Top Immunity Boosting Vitamin: How To Increase Intake Of Vitamin C
L-ascorbic acid (Vitamin C) is a vitamin found naturally in some foods, while it’s added to others and available as a supplement as well. Unlike the majority of animals, humans have to seek it out through diet (or supplement).
It’s a valuable immune system booster and vital in the biological synthesis of L-carnitine, collagen, and a variety of neurotransmitters. So, as you can see it has a valuable role to play within the body. The big question is how do you increase your intake of Vitamin C?
The obvious choice is to opt for a supplement. It’s the easiest and most efficient way to ensure an increase in your vitamin C intake. However, if you want to truly benefit from the increased intake of vitamin C, then doing it through your diet is the best way for you to do this.
First, let’s look at the importance of vitamin C.
• Vitamin C helps protect cells; it keeps them healthy.
• Vitamin C helps maintain healthy bones, cartilage, skin, and blood vessels.

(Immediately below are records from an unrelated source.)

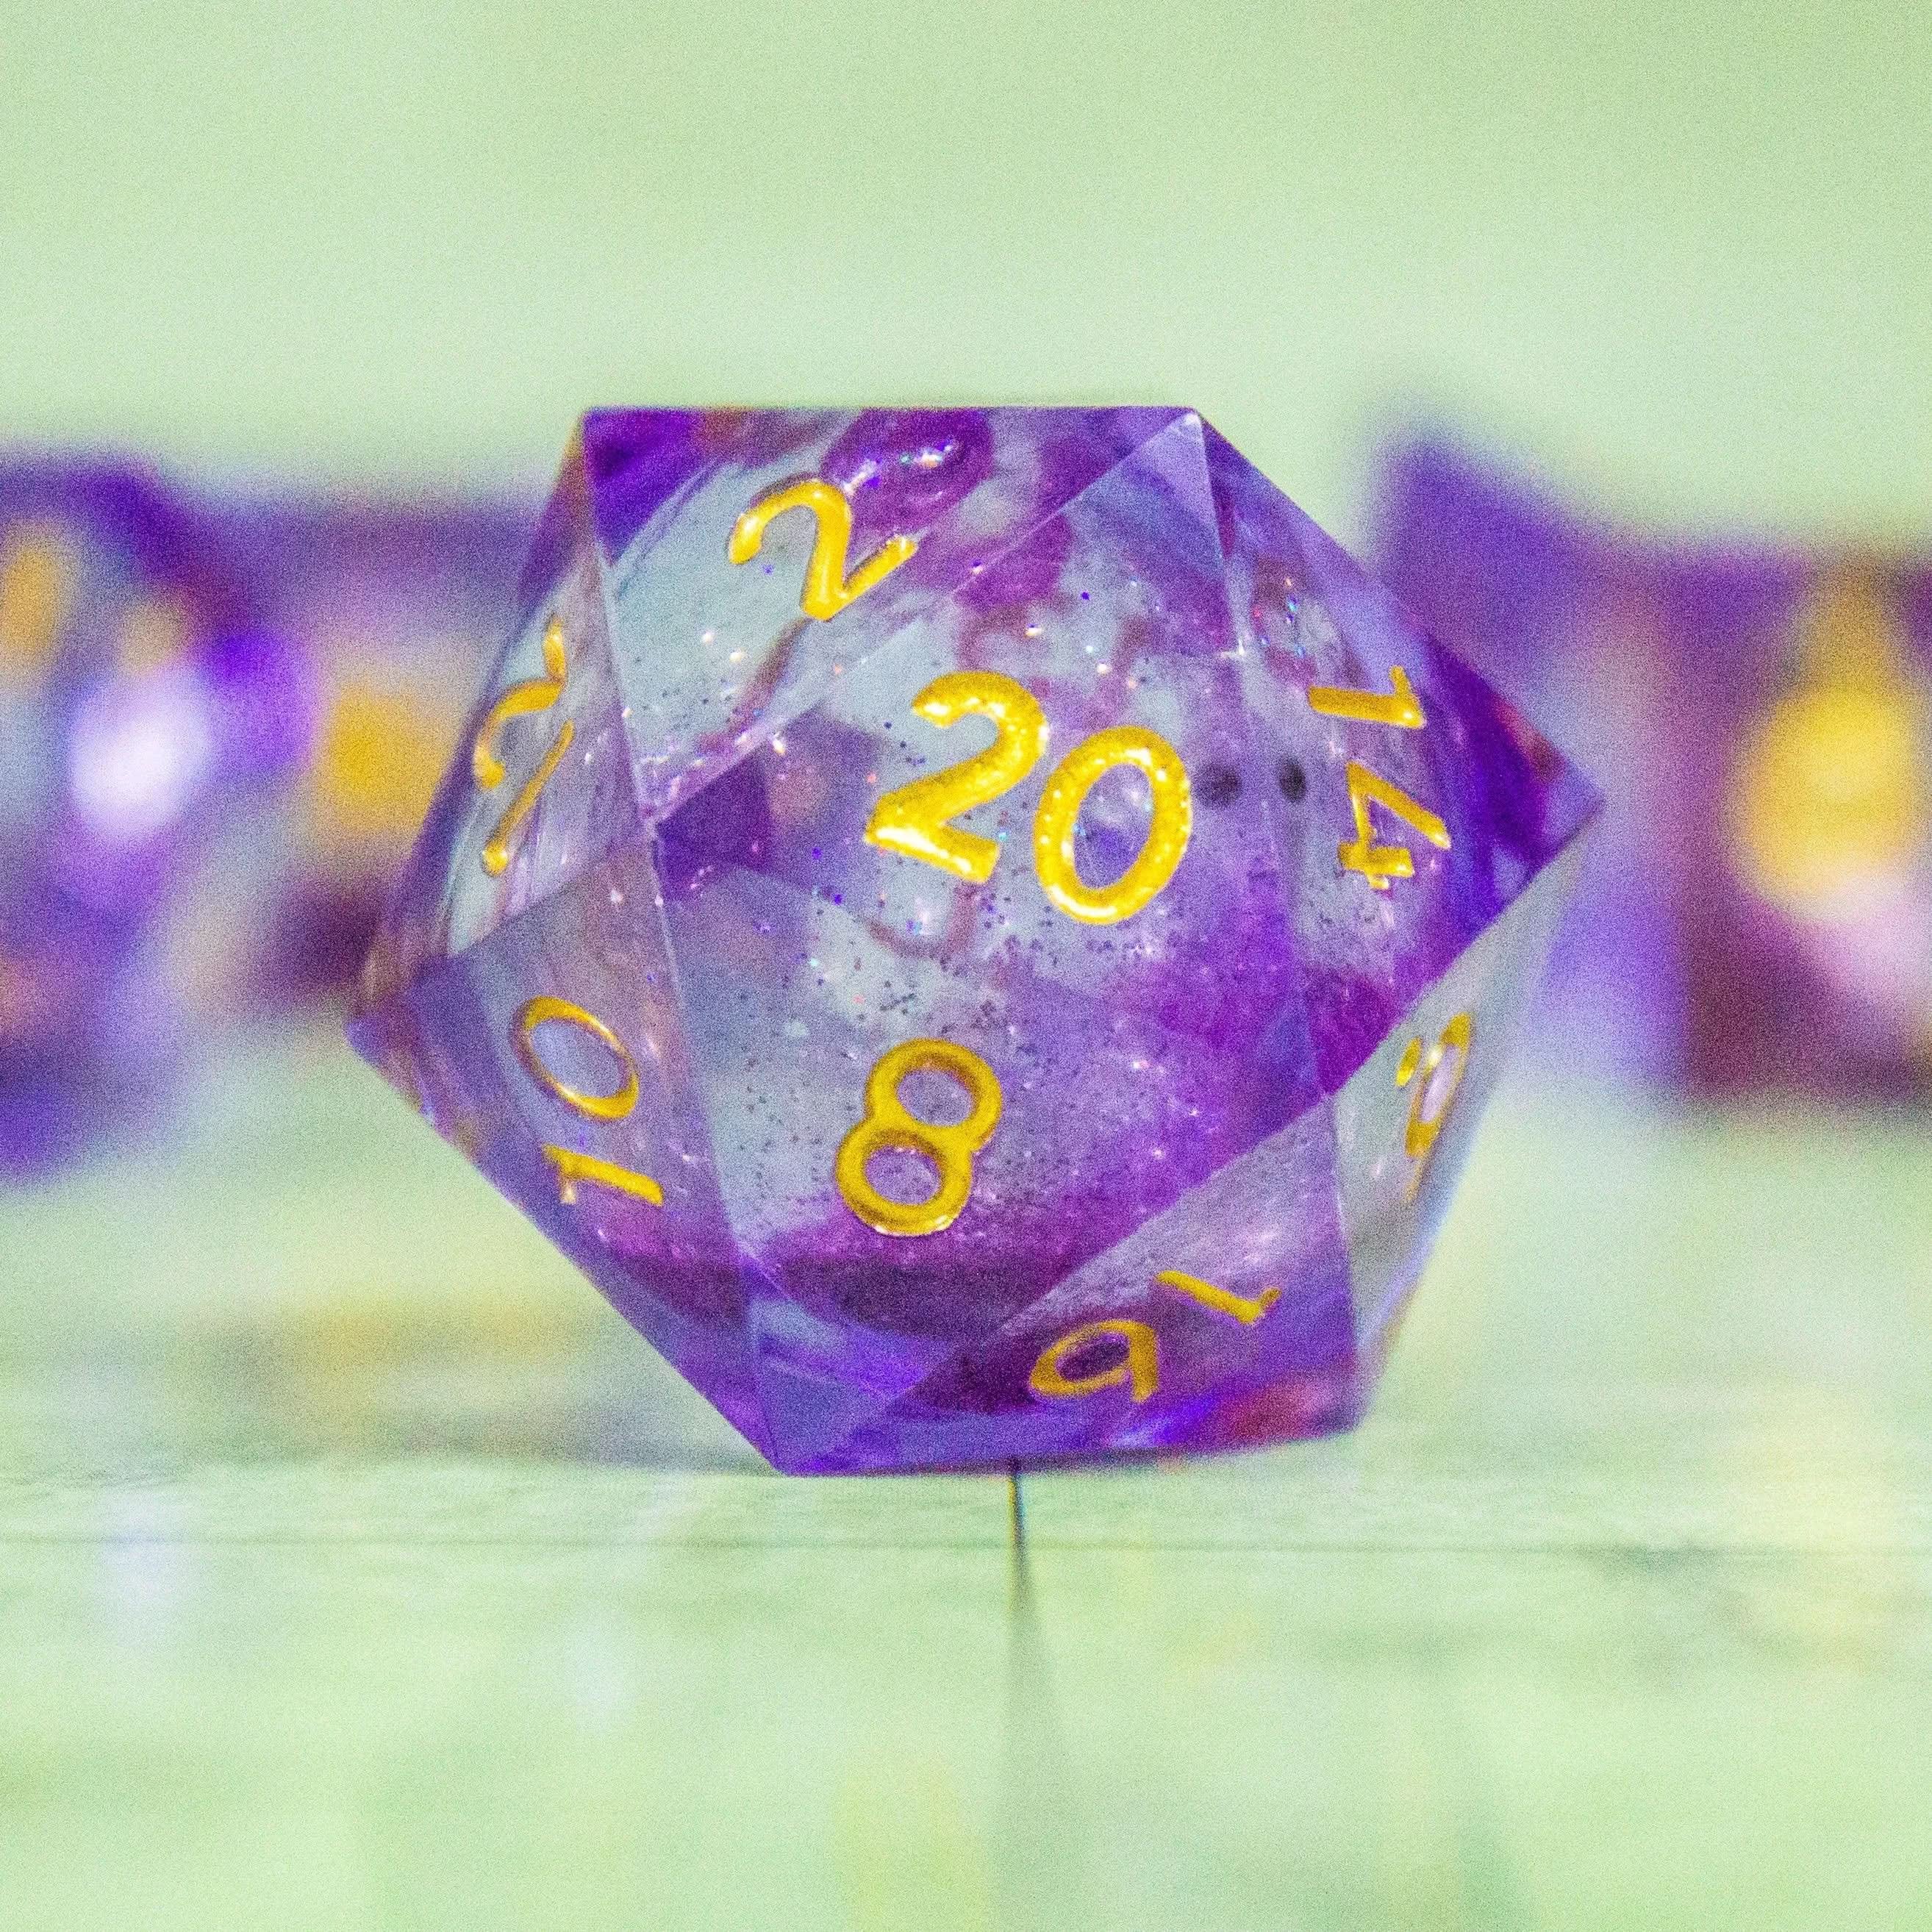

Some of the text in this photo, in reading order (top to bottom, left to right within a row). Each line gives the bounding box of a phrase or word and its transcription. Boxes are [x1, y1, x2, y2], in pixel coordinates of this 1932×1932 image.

[729, 479, 916, 620] 2
[865, 670, 1192, 925] 20
[1307, 665, 1451, 890] 14
[511, 995, 665, 1206] 10
[834, 1038, 1003, 1237] 8
[1029, 1270, 1281, 1403] 16

• Vitamin C helps improve the speed of healing.
A lack of vitamin C can result in problems like scurvy. This is fairly rare; however, a mild deficiency can happen for people with restricted diets or who live on a low income.
Now, let’s get down to the sources of Vitamin C you should be seeking out.

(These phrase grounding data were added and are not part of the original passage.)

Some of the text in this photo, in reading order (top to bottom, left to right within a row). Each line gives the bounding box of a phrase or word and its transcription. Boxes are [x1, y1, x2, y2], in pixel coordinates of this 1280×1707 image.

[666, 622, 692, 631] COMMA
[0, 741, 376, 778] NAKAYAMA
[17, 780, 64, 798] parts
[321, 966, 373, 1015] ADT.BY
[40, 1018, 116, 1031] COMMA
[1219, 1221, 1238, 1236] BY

Perhaps the most famous source of Vitamin C is citrus fruit – oranges are an excellent choice. Of course, orange juice will suffice.
Other dietary sources of Vitamin C include green peppers, red peppers, blackcurrants, grapefruit, strawberries, broccoli, potatoes, and brussels sprouts.
The biggest question, however, is how much Vitamin C you need. For the average person aged over 18 up to 65, then between 65mg and 90mg of vitamin C is necessary per day.
According to the Mayo Clinic, the upper limit is 2000mg (https://www.mayoclinic.org/healthy-lifestyle/nutrition-and-healthy-eating/expert-answers/vitamin-c/faq-20058030).
If you go over the limit, then there are no serious consequences. However, the Mayo Clinic suggests there may be adverse effects such as heartburn, headache, vomiting, nausea, abdominal pains, flatulence, and diarrhea.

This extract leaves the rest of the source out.